### Problem statement
The records below are to be returned word for word, with pictures left out.

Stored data
-*-

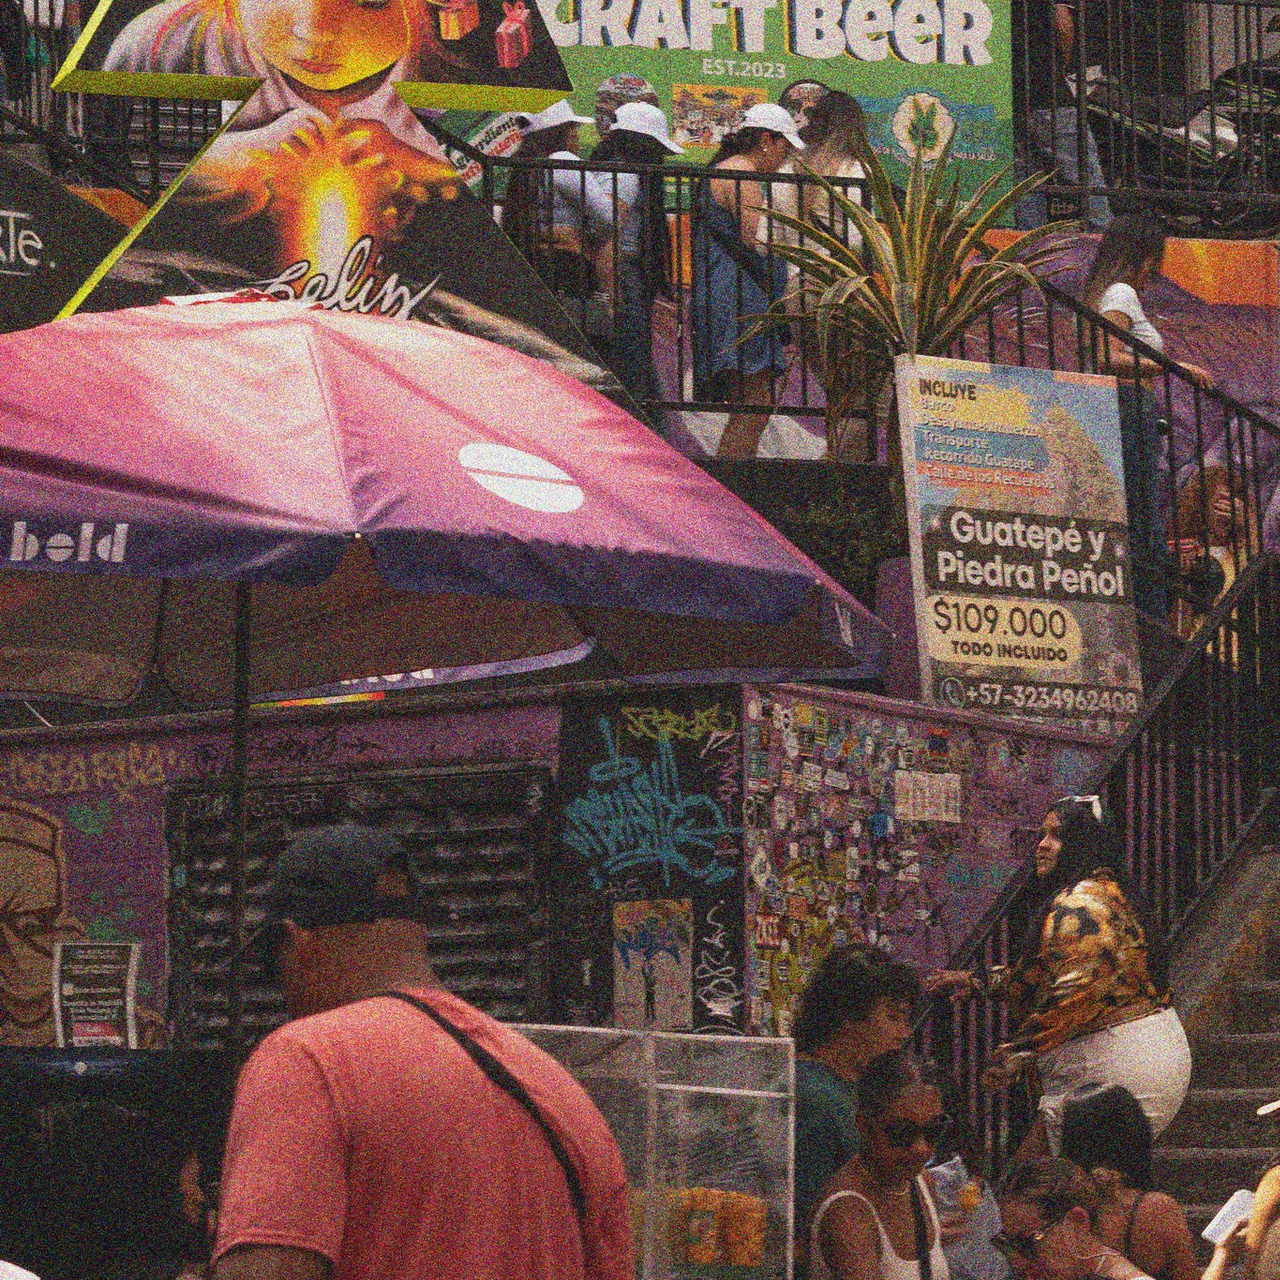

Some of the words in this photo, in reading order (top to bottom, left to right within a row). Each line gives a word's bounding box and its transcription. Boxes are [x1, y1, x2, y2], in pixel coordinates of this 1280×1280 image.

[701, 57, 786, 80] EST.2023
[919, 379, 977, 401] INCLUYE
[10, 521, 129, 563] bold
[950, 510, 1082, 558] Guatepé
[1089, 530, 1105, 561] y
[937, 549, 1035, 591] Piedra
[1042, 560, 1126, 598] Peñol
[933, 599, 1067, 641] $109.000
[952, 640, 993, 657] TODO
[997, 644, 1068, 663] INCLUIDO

-*-

### Output below
Some of the words in this photo, in reading order (top to bottom, left to right within a row). Each line gives a word's bounding box and its transcription. Boxes are [x1, y1, x2, y2], in pixel coordinates of this 1280×1280 image.

[701, 57, 786, 80] EST.2023
[919, 379, 977, 401] INCLUYE
[10, 521, 129, 563] bold
[950, 510, 1082, 558] Guatepé
[1089, 530, 1105, 561] y
[937, 549, 1035, 591] Piedra
[1042, 560, 1126, 598] Peñol
[933, 599, 1067, 641] $109.000
[952, 640, 993, 657] TODO
[997, 644, 1068, 663] INCLUIDO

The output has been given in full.